Donahue v. Commonwealth

42 Pa. Commw. 139 | Pa. Commw. Ct. | 1979

Opinion by

Judge Cbumlisi-i, Jr.,

The Unemployment Compensation Board of Review (Board) affirmed a referee’s decision denying to Daniel Donahue benefits on the ground of willful misconduct pursuant to Section 402(e) of the Unemployment Compensation Law1 (Act). We affirm.

Donahue had been employed as a tack welder by Dravo Corporation (Employer). His last full day of employment before a recuperative medical leave of absence was March 23, 1976. He underwent a physical examination by Employer’s doctor on June 8, 1976, but did not mention that he had consulted his family doctor the day prior regarding emotional problems. The company doctor certified Claimant physically able to return to work without limitations. Donahue reported for work the following day, but after working a few hours, requested and was given a “personal pass” without explanation to leave work. However, he then left work and reported to his union office that he was unable to work because of medical problems. A misunderstanding is contended by Donahue: The union instructed him to contact his personal physician who, *141in turn, was to notify the company doctor. Claimant believed the union would contact Employer and that his personal physician would contact Employer’s doctor. On June 18,1976, he was notified by certified mail that he was discharged for failing to report to work for five continuous days without explanation, this being a violation of the labor management agreement. Employer later received a letter from Donahue’s personal physician on August 23, 1976, asserting that Donahue was unable to work because he was suffering a depressive neurosis. On August 24, 1976, Claimant was not reinstated and instituted a grievance.

Section 510 of the Act, 43 P.S. §830, provides the limitation of our scope of review to questions of law and, absent fraud, to a determination of whether or not the findings of fact are supported by the evidence. An employee’s action leading to his dismissal rises to the level of willful misconduct and a question of law is subject to our review. Williams v. Unemployment Compensation Board of Review, 32 Pa. Commonwealth Ct. 641, 380 A.2d 932 (1977).

Donahue’s appeal asserts a lack of substantial evidence to sustain the Board’s finding that his failure to comply with company policy constitutes willful misconduct. The question of whether he notified Employer of his impending absence is one of fact, while its sufficiency is one of law. Unemployment Compensation Board of Review v. Blouse, 23 Pa. Commonwealth Ct. 66, 350 A.2d 220 (1976). Donahue argues that he reported his absences in good faith to his union without any conscious wrongdoing and hence the employer failed to meet his burden of establishing that Claimant was guilty of willful misconduct.

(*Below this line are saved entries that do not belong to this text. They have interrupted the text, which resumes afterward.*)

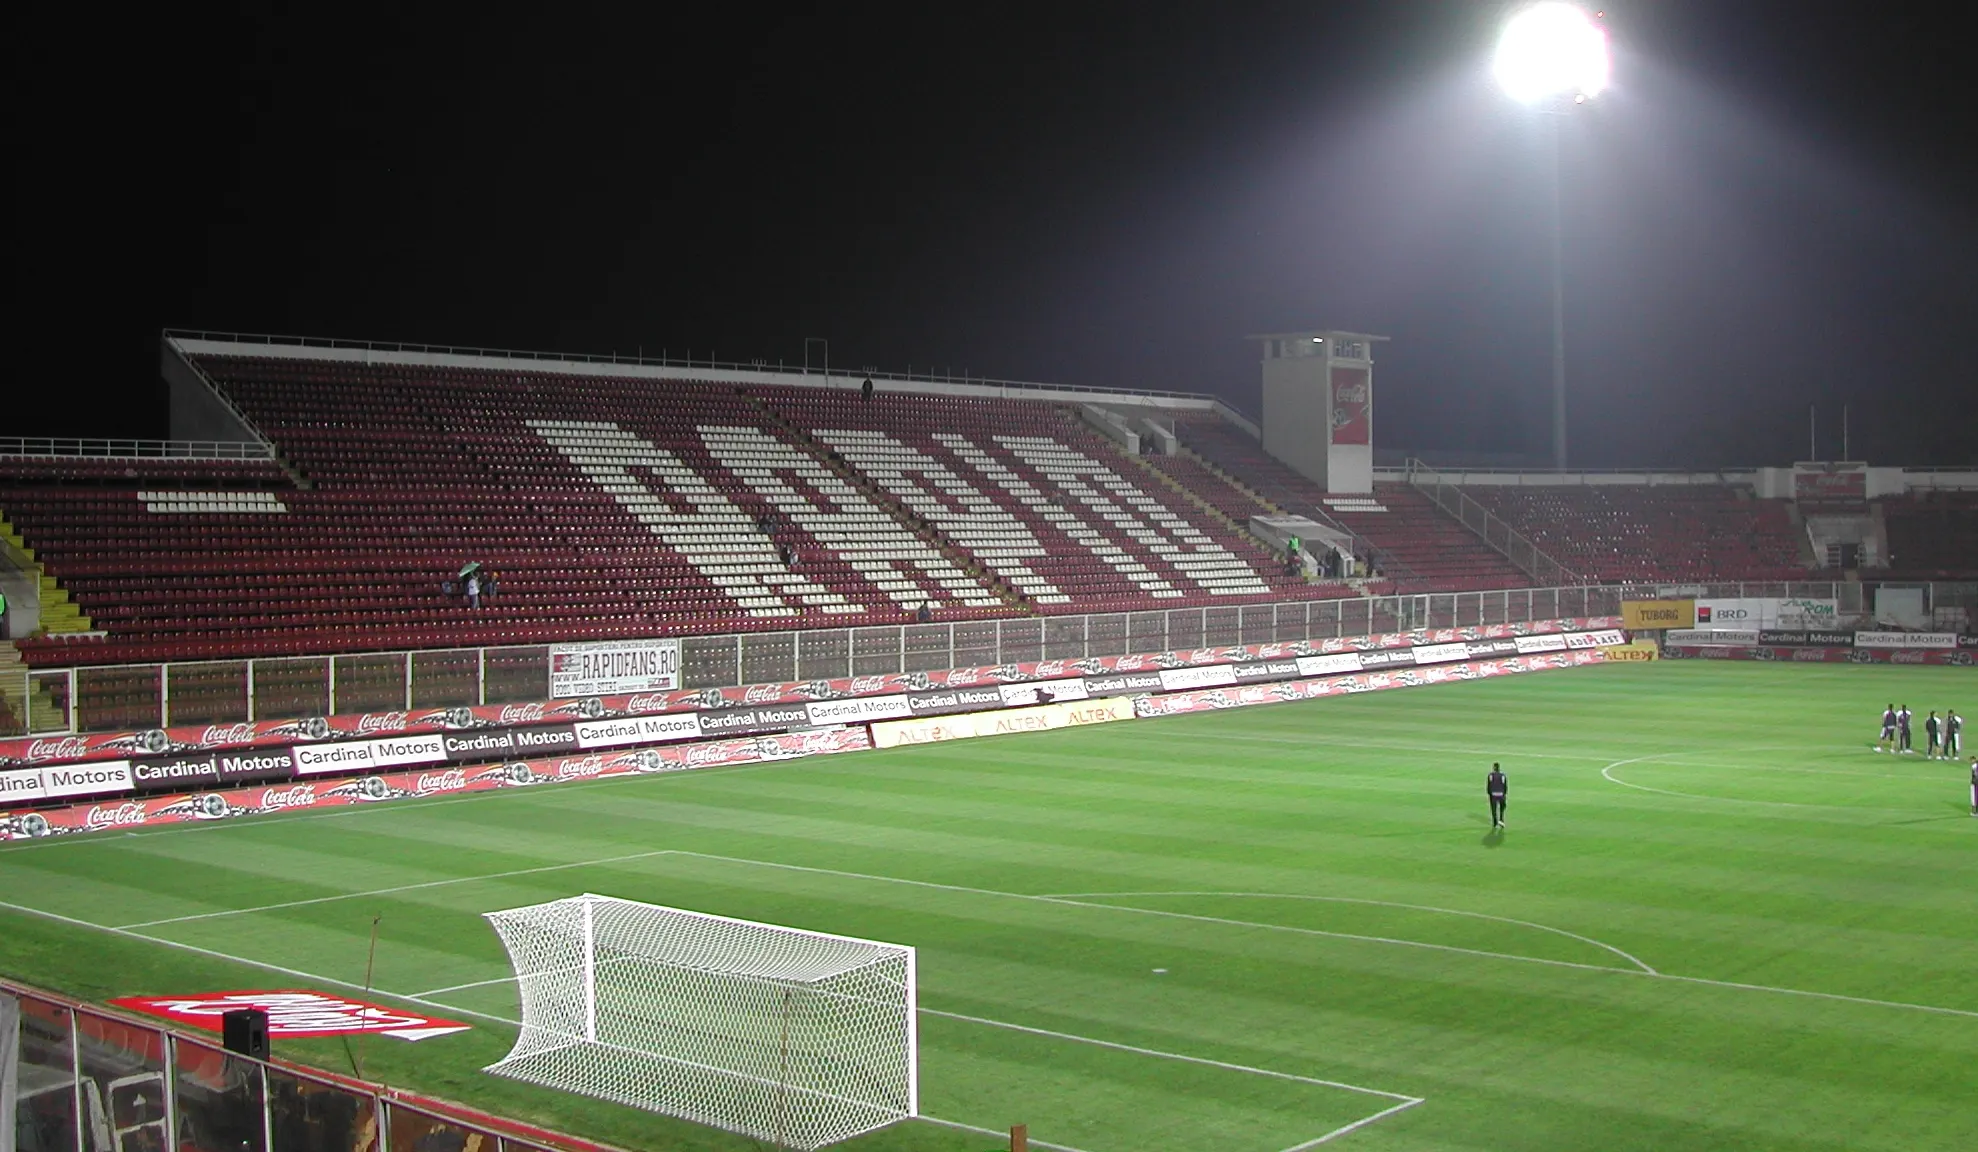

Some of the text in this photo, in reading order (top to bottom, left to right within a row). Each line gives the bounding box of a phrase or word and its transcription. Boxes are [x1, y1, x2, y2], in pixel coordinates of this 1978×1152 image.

[1640, 610, 1679, 621] TUBORG
[1716, 609, 1748, 619] BRD
[1668, 632, 1755, 642] Cardinal Motors
[1760, 633, 1851, 643] Cardinal Motors
[1857, 634, 1952, 643] Cardinal Motors
[1234, 662, 1298, 677] Cardinal Motors
[1086, 676, 1161, 692] Cardinal Motors
[811, 699, 906, 718] Cardinal Motors
[910, 691, 999, 709] Cardinal Motors
[700, 709, 806, 729] Cardinal Motors
[580, 719, 696, 740] Cardinal Motors
[446, 730, 574, 752] Cardinal Motors
[300, 741, 440, 765] Cardinal Motors
[135, 754, 292, 780] Cardinal Motors
[52, 769, 126, 787] Motors

It is well settled that absenteeism in itself generally does not constitute willful misconduct, Roebuck v. Unemployment Compensation Board of Review, 33 Pa. Commonwealth Ct. 491, 382 A.2d 482 (1978), but fail*142ure to report the reason for absence in a manner established by company policy is conduct which can constitute sufficient willful misconduct to preclude the benefits of Section 402(e) since that behavior is a deliberate disregard of the standards of behavior an employer can rightfully expect of an employee. Williams v. Unemployment Compensation Board of Review, 34 Pa. Commonwealth Ct. 640, 383 A.2d 963 (1978). Here, Employer’s representative explained the procedure required of an employee. He must communicate the request to either his general forman or the company industrial relations office. In the record is a copy of the labor-management agreement which details the consequences of failing to properly request time off. It reads:

Employees shall lose all seniority rights in all job classifications in which they have such seniority rights if . . . (e) they are absent from work without explanation for a period of five (5) work days. Where there is good cause for such absence, the reason for the absence may be explained after the end of the five (5) days without loss of seniority.

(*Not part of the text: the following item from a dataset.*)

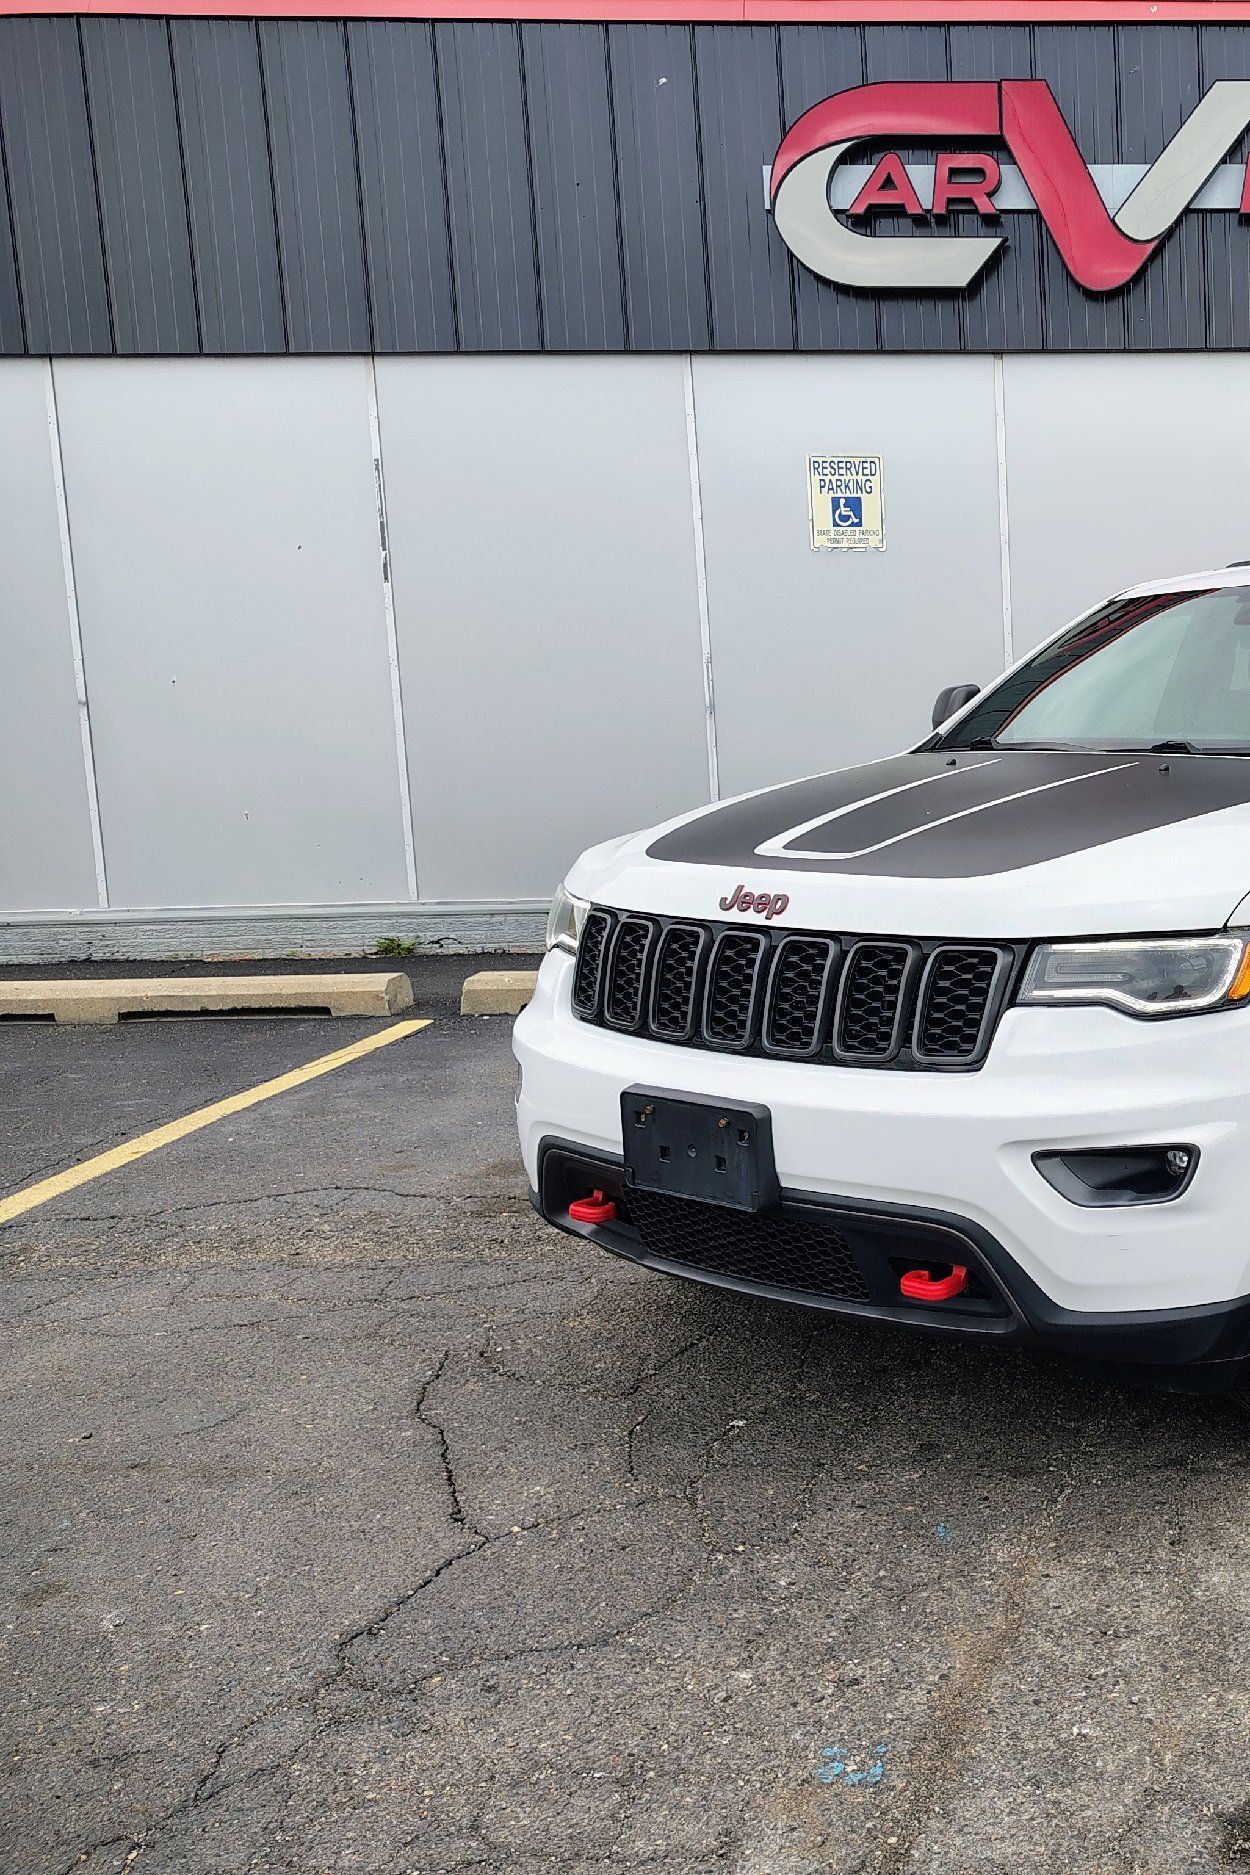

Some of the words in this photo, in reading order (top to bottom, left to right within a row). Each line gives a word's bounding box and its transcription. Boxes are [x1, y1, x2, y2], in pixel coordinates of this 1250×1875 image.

[813, 461, 877, 476] RESERVED
[819, 479, 873, 494] PARKING
[719, 885, 789, 920] Jeep

The testimony further discloses that neither Donahue nor anyone on his behalf advised Employer of the approximate length of time during which he would be unable to resume his employment nor was Employer informed of the precise nature of the illness until August 23,1976, at which time the company received Donahue’s personal physician’s report, two months after the discharge notice. In the interim no attempt was made to provide Employer with medical documentation. We hold that Donahue’s notice of illness given to the union and to his personal physician was insufficient as a matter of law. On the instant record, we find substantial evidence to support Board’s finding that Donahue’s failure to utilize known proper procedures *143to inform Employer of Ms illness constitutes willful misconduct.

Accordingly, we

Order

And Now, this 20th day of April, 1979, the order of the Unemployment Compensation Board of Review, Decision No. B-145376, dated May 18, 1977, is hereby affirmed.

Act of December 5, 1936, Second Ex. Sess., P.L. (1937) 2897, as amended, 43 P.S. §802(e).